This invention relates to automatic gain control apparatus and, in particular, to an automatic gain control system wherein signal gain is a function of the distance between communicating stations.
It is desirable, in many applications, to communicate electrical information signals between remote locations over a communication channel having minimal equipment thereon. Such applications include instrumentation telemetry wherein data is transmitted from remote sensing stations to a central control station and control information may, additionally, be returned to various controlling locations. Other applications include pipe line communication links, remote telemetry links and other instrumentation and supervisory/control links.
Each of the aforementioned communication links may be characterized as having no or minimal signal amplification devices included in the communication channel. This lack of equipment in the communication channel is preferred to minimize the cost of constructing and maintaining such channels. This is especially so for those applications wherein the communication channels are used primarily for communication between maintenance personnel or equipment wherein a high quality information link is not of paramount importance.
In systems wherein the distance between communicating stations is variable and, for the most part, unpredictable, signal attenuation presents an acute problem. In particular, audio signals are subject to substantial attenuation whereby the intelligence information conveyed thereby is severely distorted. Such signal attenuation is primarily attributed to the total resistive impedance included in the signal channel between the communicating stations. Since the basic communication channel consists of a loop formed by, for example, two electrical conductors, the total resistive impedance is equal to the inherent loop resistance of the conductors.
This problem of signal attenuation can be obviated by using a plurality of signal amplifiers in the communication channel to successively amplify the communicated signal so as to maintain a desirable signal gain. However, this technique significantly adds to the cost of constructing and maintaining the signal channel which was initially intended to be of minimal cost. Also, by providing such amplifying devices, such as repeater stations, at preselected locations along the communication channel, the desired flexibility in using that channel is unduly constrained. That is, for applications wherein signaling is to be attained between a given location, such as a central station, and a remote location, it is preferable to permit the remote location to be disposed at any arbitrary position along the conductors. However, by providing amplification devices at preselected locations along the conductors, the position of the remote signaling station must be fixed to assure a matching of the system transmission characteristics. It can be appreciated that if the remote station must be fixed to predetermined locations, the use of the communication channel in maintenance operations, for example, is not readily facilitated. Furthermore, suitable power supplies must be provided for these amplification devices, thus adding to the cost and complexity of the signal channel.

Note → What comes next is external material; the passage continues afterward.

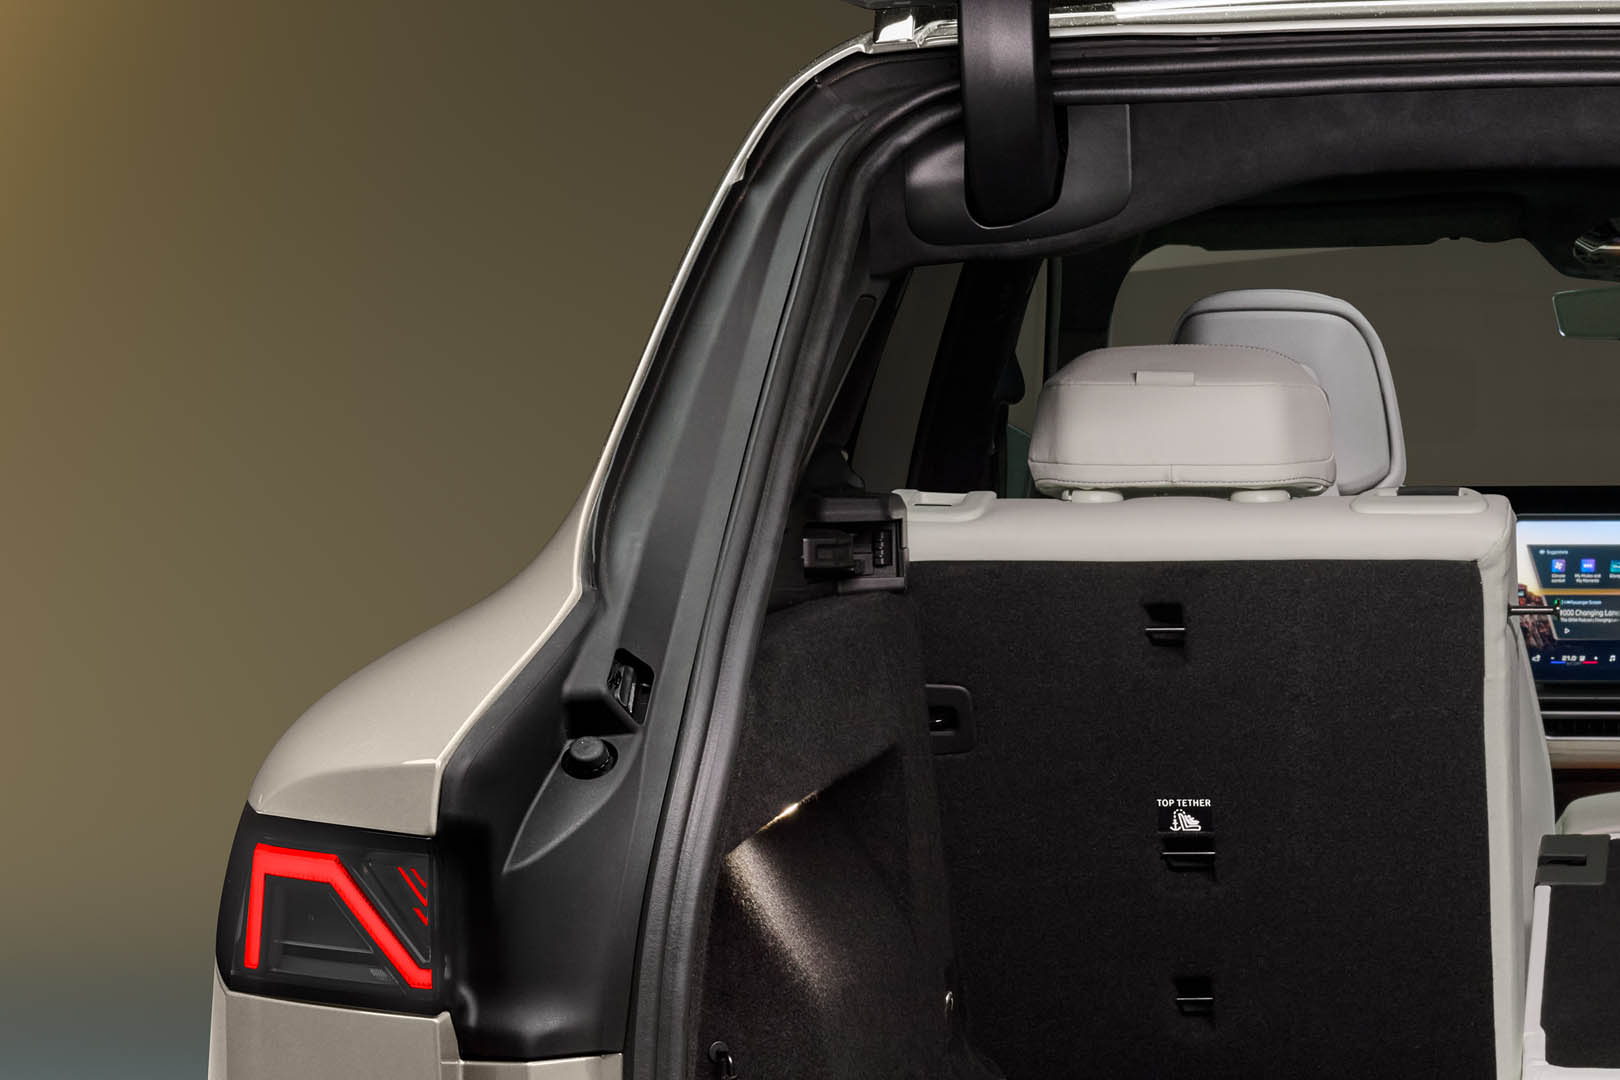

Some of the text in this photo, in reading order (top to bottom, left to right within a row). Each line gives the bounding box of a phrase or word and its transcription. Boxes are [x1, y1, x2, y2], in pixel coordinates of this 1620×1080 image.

[1575, 609, 1604, 617] Changing
[1156, 798, 1211, 807] TOP TETHER
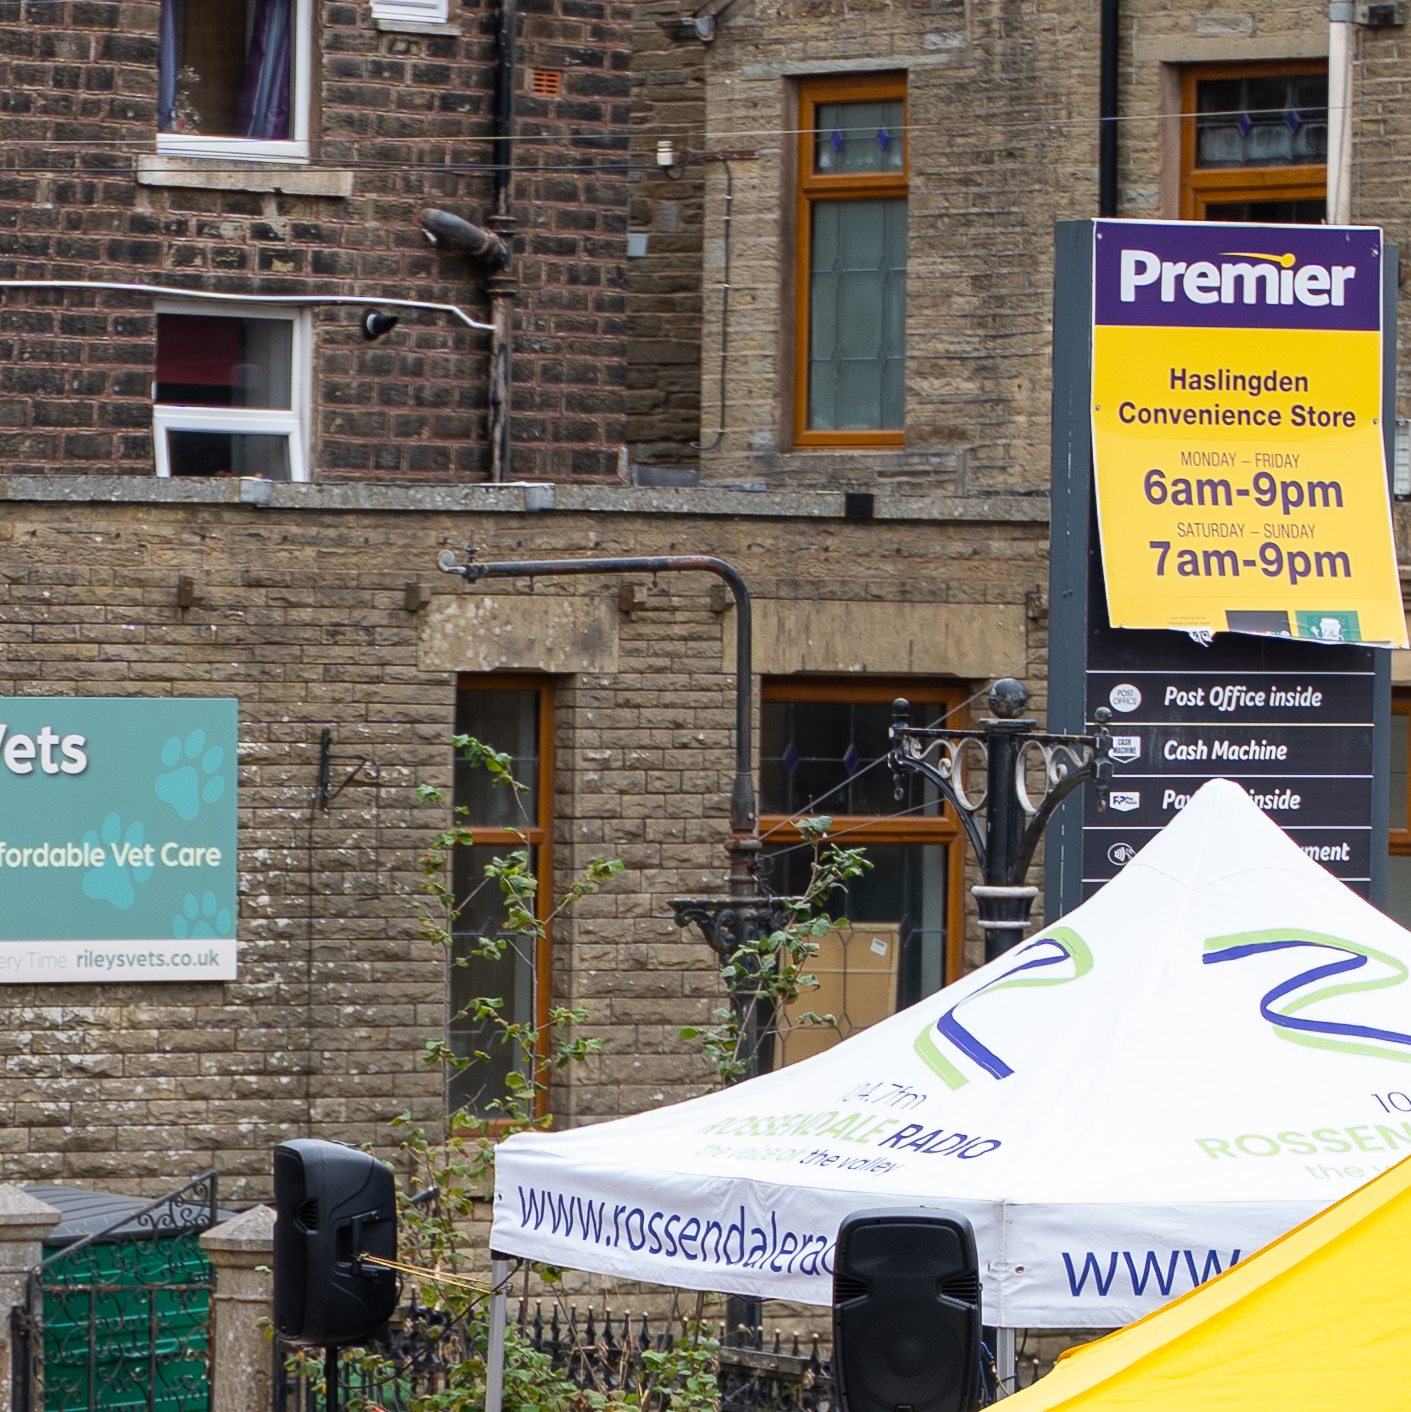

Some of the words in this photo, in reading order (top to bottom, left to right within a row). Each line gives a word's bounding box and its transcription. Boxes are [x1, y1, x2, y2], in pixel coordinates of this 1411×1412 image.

Alternatively, the problem of signal attenuation might be attended to by the use of a fixed gain amplifier at one of the communicating stations. However, since the resistive impedance between the stations is a function of the distance, the fixed gain amplifier might be inadequate to suitably amplify the signals that emanate from a distant location whereas signals transmitted from a nearby location might be "over-amplified" and distorted. If attenuator pads are disposed at the remote locations to account for the different impedances, the fixed gain amplifier would have to operate at maximum gain in all instances, with the result that the signal-to-noise ratio would be relatively poor. It is believed that if the fixed gain amplifier is replaced by an amplifier having a manually adjustable gain, less than perfect results would be attained by an operator who must adjust the amplification factor to compensate for variable distances.
Until recently, it had been very difficult to control the gain of a semiconductor amplifier to permit the proper amplification of signals transmitted over widely variable distances via electrical conductors due to the wide input dynamic range required. Primarily, it had been most difficult to change the gain of such an amplifier by changing either the voltage or current parameters thereof. However, with the advent of the transconductance amplifier, a device has now been provided that exhibits a very linear change of transconductance proportional to an input current. The operational characteristics of such transconductance amplifiers are exploited by the present invention to thereby provide a variable gain amplifier having a gain determined by the distance between communicating locations and having a large input signal dynamic range capability.